Furthermore, many of these trials date from the period of balloon angioplasty; there has only been 1 trial comparing drug-eluting stents with CABG surgery, with 1,800 patients, including only 473 from the U.S. (6). Previously, only 2,221 patients were randomized to PCI or CABG surgery in the U.S. in 2 trials from the balloon angioplasty era from the late 1980s to the early 1990s (1). More contemporary outcomes collected in broadly applicable patient subsets are needed to assess comparative effectiveness. There have been observational comparisons of PCI with CABG surgery, specifically from New York State (1), but with smaller numbers than will be available from the STS and ACC registries.
The most significant aspect of the study will be the generation of large populations of specific anatomic and clinical subsets, with the power to discern the relative advantages and disadvantages of each treatment method. Rather than grouping all adverse events of nonequivalent severity into a single end point category, each type of adverse event will be analyzed separately. This approach will allow patients and physicians to make their own value judgments as to risk and benefit.
Important subsidiary analyses will also have vital connotations for the practice of cardiology in the future. The SYNTAX score has been reported to be highly predictive of which therapeutic revascularization procedure should be favored, based on disease extent, complexity, and severity (6,7). Confirmation in an independent, U.S. dataset could have critical implications for its routine clinical application. Additionally, the economic analysis will generate new information regarding the relative value of the 2 treatment strategies. Cost-effectiveness analysis is a powerful means to guide both individual treatment choices and assess overall health care policies (8).
The STS and ACC registries have been at the forefront of quality improvement activities in cardiovascular medicine for a number of years. Combined, STS and ACC registries cover virtually the entire spectrum of coronary revascularization. These registries contain detailed information collected prospectively, including demographics, cardiovascular history, patient risk factors, comorbid illnesses present on admission, interventions, care processes, and risk-adjusted outcomes surrounding specific clinical events.
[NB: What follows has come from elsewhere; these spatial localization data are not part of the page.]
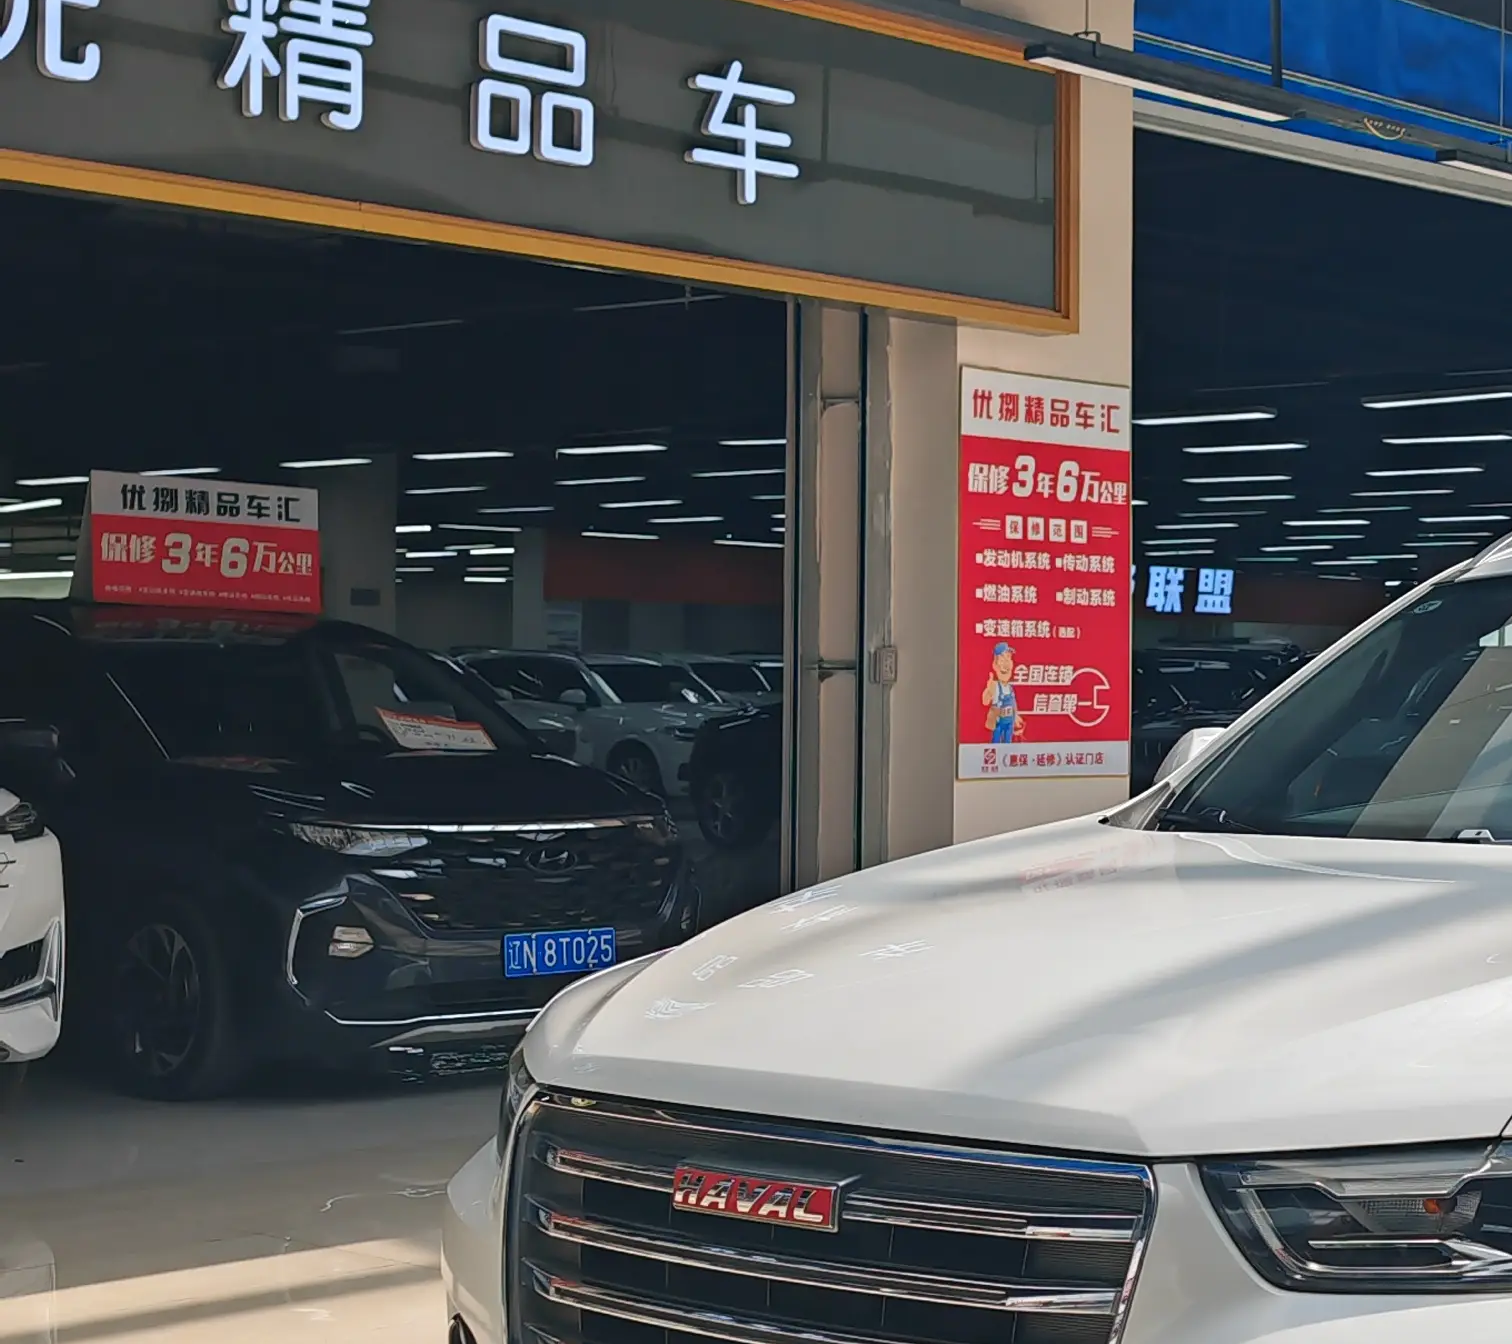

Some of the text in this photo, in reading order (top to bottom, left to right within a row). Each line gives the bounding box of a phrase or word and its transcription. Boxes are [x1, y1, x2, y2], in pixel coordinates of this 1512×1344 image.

[973, 389, 1120, 434] 优捌精品车汇
[968, 454, 1127, 505] 保修3年6万公里
[121, 484, 300, 523] 优捌精品车汇
[101, 533, 312, 579] 保修3年6万公里
[984, 549, 1116, 574] 发动机系统 传动系统
[984, 584, 1116, 606] 燃油系统 制动系统
[1013, 665, 1074, 683] 全国连锁
[674, 1172, 823, 1223] HAVAL
In conclusion, this study has the potential to provide significant new information that may confirm or change current clinical practice. The focus of the research (PCI vs. CABG surgery), the use of the 2 most prominent clinical registries in the country, and the fact that collaboration between STS and ACC covers the entire spectrum of adult cardiovascular disease promise that the results will be of great interest to all physicians. Moreover, the data set will be large enough to provide sufficient power to examine patient subgroups. This study will be a model for comparative effectiveness using nonrandomized data, permitting extensive assessment of long-term clinical and economic outcomes after coronary revascularization from the largest clinical databases concerning revascularization in the world.
Members of the Interventional Scientific Council of the ACC, the STS, and the Cardiothoracic Surgeons Council of the ACC will be encouraged to generate further hypotheses for substudies as this project develops.
The project described is supported by Award Number RC2HL101489 from the National Heart, Lung, and Blood Institute. The content is solely the responsibility of the authors and does not necessarily represent the official views of the National Heart, Lung, and Blood Institute or the National Institutes of Health. This award has been issued under the American Recovery and Reinvestment Act of 2009 for a 2-year period.